_Task details_. Please give back each line of the listing, unchanged in every word.

_Records for processing_.
*** Block opens ***

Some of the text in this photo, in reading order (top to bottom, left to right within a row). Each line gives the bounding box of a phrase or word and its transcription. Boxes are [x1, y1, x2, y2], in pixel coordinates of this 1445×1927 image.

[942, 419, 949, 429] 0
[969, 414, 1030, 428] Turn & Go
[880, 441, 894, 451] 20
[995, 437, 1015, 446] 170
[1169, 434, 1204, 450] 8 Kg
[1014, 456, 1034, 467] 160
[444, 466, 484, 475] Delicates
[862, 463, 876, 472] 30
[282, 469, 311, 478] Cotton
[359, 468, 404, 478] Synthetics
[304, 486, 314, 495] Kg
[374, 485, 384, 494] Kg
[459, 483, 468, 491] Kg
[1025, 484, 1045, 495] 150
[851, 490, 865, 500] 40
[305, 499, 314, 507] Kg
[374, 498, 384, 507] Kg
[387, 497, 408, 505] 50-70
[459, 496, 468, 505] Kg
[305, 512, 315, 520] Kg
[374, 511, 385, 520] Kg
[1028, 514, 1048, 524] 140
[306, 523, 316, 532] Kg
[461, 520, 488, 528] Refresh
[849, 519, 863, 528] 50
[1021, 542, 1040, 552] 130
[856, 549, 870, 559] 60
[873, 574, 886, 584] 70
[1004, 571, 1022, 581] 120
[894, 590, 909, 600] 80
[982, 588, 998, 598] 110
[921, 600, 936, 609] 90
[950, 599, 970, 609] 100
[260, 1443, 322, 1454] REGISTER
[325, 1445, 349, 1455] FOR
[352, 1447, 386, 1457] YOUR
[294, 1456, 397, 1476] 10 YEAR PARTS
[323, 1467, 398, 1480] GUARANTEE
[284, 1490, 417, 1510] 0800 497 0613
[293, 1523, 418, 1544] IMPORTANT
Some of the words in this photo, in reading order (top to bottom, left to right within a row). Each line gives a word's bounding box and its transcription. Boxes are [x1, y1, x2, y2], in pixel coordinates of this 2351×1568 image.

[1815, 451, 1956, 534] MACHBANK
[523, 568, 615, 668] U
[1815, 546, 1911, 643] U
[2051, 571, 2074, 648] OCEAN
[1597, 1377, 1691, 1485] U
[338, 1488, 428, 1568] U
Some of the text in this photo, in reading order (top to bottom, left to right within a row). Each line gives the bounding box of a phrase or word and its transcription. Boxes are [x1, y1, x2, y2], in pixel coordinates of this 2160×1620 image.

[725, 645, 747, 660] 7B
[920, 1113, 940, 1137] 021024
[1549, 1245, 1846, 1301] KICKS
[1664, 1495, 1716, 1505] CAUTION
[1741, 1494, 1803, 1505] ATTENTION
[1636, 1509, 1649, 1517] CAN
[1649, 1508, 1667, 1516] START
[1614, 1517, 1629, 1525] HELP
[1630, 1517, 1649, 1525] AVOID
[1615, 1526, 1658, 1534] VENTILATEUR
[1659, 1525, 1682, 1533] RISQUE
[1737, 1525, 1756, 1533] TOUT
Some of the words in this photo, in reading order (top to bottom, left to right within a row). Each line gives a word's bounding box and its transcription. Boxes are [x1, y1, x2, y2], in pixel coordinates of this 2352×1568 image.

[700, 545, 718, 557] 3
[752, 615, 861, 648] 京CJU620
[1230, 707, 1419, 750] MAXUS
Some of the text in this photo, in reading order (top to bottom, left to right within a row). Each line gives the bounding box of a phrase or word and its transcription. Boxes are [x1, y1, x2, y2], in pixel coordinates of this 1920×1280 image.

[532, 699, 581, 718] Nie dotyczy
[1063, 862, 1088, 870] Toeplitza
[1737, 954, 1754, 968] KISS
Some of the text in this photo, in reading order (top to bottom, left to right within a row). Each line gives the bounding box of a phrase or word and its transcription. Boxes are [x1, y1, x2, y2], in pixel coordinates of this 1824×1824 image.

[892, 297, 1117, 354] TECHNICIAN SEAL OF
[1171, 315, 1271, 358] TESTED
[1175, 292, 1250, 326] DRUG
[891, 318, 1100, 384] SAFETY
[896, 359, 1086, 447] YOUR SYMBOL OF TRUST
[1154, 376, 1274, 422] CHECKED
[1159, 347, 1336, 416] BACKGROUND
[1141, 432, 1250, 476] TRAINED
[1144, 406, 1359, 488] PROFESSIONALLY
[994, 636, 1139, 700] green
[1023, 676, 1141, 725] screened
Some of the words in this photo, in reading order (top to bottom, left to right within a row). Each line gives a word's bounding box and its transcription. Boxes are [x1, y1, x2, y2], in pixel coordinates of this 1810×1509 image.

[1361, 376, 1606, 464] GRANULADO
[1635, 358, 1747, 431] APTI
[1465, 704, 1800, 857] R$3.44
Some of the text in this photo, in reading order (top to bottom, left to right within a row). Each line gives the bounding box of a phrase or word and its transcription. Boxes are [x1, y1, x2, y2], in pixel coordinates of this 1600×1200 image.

*** Block closes ***

_Answer below_.
Some of the text in this photo, in reading order (top to bottom, left to right within a row). Each line gives the bounding box of a phrase or word and its transcription. Boxes are [x1, y1, x2, y2], in pixel coordinates of this 1445×1927 image.

[942, 419, 949, 429] 0
[969, 414, 1030, 428] Turn & Go
[880, 441, 894, 451] 20
[995, 437, 1015, 446] 170
[1169, 434, 1204, 450] 8 Kg
[1014, 456, 1034, 467] 160
[444, 466, 484, 475] Delicates
[862, 463, 876, 472] 30
[282, 469, 311, 478] Cotton
[359, 468, 404, 478] Synthetics
[304, 486, 314, 495] Kg
[374, 485, 384, 494] Kg
[459, 483, 468, 491] Kg
[1025, 484, 1045, 495] 150
[851, 490, 865, 500] 40
[305, 499, 314, 507] Kg
[374, 498, 384, 507] Kg
[387, 497, 408, 505] 50-70
[459, 496, 468, 505] Kg
[305, 512, 315, 520] Kg
[374, 511, 385, 520] Kg
[1028, 514, 1048, 524] 140
[306, 523, 316, 532] Kg
[461, 520, 488, 528] Refresh
[849, 519, 863, 528] 50
[1021, 542, 1040, 552] 130
[856, 549, 870, 559] 60
[873, 574, 886, 584] 70
[1004, 571, 1022, 581] 120
[894, 590, 909, 600] 80
[982, 588, 998, 598] 110
[921, 600, 936, 609] 90
[950, 599, 970, 609] 100
[260, 1443, 322, 1454] REGISTER
[325, 1445, 349, 1455] FOR
[352, 1447, 386, 1457] YOUR
[294, 1456, 397, 1476] 10 YEAR PARTS
[323, 1467, 398, 1480] GUARANTEE
[284, 1490, 417, 1510] 0800 497 0613
[293, 1523, 418, 1544] IMPORTANT
Some of the words in this photo, in reading order (top to bottom, left to right within a row). Each line gives a word's bounding box and its transcription. Boxes are [x1, y1, x2, y2], in pixel coordinates of this 2351×1568 image.

[1815, 451, 1956, 534] MACHBANK
[523, 568, 615, 668] U
[1815, 546, 1911, 643] U
[2051, 571, 2074, 648] OCEAN
[1597, 1377, 1691, 1485] U
[338, 1488, 428, 1568] U
Some of the text in this photo, in reading order (top to bottom, left to right within a row). Each line gives the bounding box of a phrase or word and its transcription. Boxes are [x1, y1, x2, y2], in pixel coordinates of this 2160×1620 image.

[725, 645, 747, 660] 7B
[920, 1113, 940, 1137] 021024
[1549, 1245, 1846, 1301] KICKS
[1664, 1495, 1716, 1505] CAUTION
[1741, 1494, 1803, 1505] ATTENTION
[1636, 1509, 1649, 1517] CAN
[1649, 1508, 1667, 1516] START
[1614, 1517, 1629, 1525] HELP
[1630, 1517, 1649, 1525] AVOID
[1615, 1526, 1658, 1534] VENTILATEUR
[1659, 1525, 1682, 1533] RISQUE
[1737, 1525, 1756, 1533] TOUT
Some of the words in this photo, in reading order (top to bottom, left to right within a row). Each line gives a word's bounding box and its transcription. Boxes are [x1, y1, x2, y2], in pixel coordinates of this 2352×1568 image.

[700, 545, 718, 557] 3
[752, 615, 861, 648] 京CJU620
[1230, 707, 1419, 750] MAXUS
Some of the text in this photo, in reading order (top to bottom, left to right within a row). Each line gives the bounding box of a phrase or word and its transcription. Boxes are [x1, y1, x2, y2], in pixel coordinates of this 1920×1280 image.

[532, 699, 581, 718] Nie dotyczy
[1063, 862, 1088, 870] Toeplitza
[1737, 954, 1754, 968] KISS
Some of the text in this photo, in reading order (top to bottom, left to right within a row). Each line gives the bounding box of a phrase or word and its transcription. Boxes are [x1, y1, x2, y2], in pixel coordinates of this 1824×1824 image.

[892, 297, 1117, 354] TECHNICIAN SEAL OF
[1171, 315, 1271, 358] TESTED
[1175, 292, 1250, 326] DRUG
[891, 318, 1100, 384] SAFETY
[896, 359, 1086, 447] YOUR SYMBOL OF TRUST
[1154, 376, 1274, 422] CHECKED
[1159, 347, 1336, 416] BACKGROUND
[1141, 432, 1250, 476] TRAINED
[1144, 406, 1359, 488] PROFESSIONALLY
[994, 636, 1139, 700] green
[1023, 676, 1141, 725] screened
Some of the words in this photo, in reading order (top to bottom, left to right within a row). Each line gives a word's bounding box and its transcription. Boxes are [x1, y1, x2, y2], in pixel coordinates of this 1810×1509 image.

[1361, 376, 1606, 464] GRANULADO
[1635, 358, 1747, 431] APTI
[1465, 704, 1800, 857] R$3.44
Some of the text in this photo, in reading order (top to bottom, left to right within a row). Each line gives the bounding box of a phrase or word and its transcription. Boxes are [x1, y1, x2, y2], in pixel coordinates of this 1600×1200 image.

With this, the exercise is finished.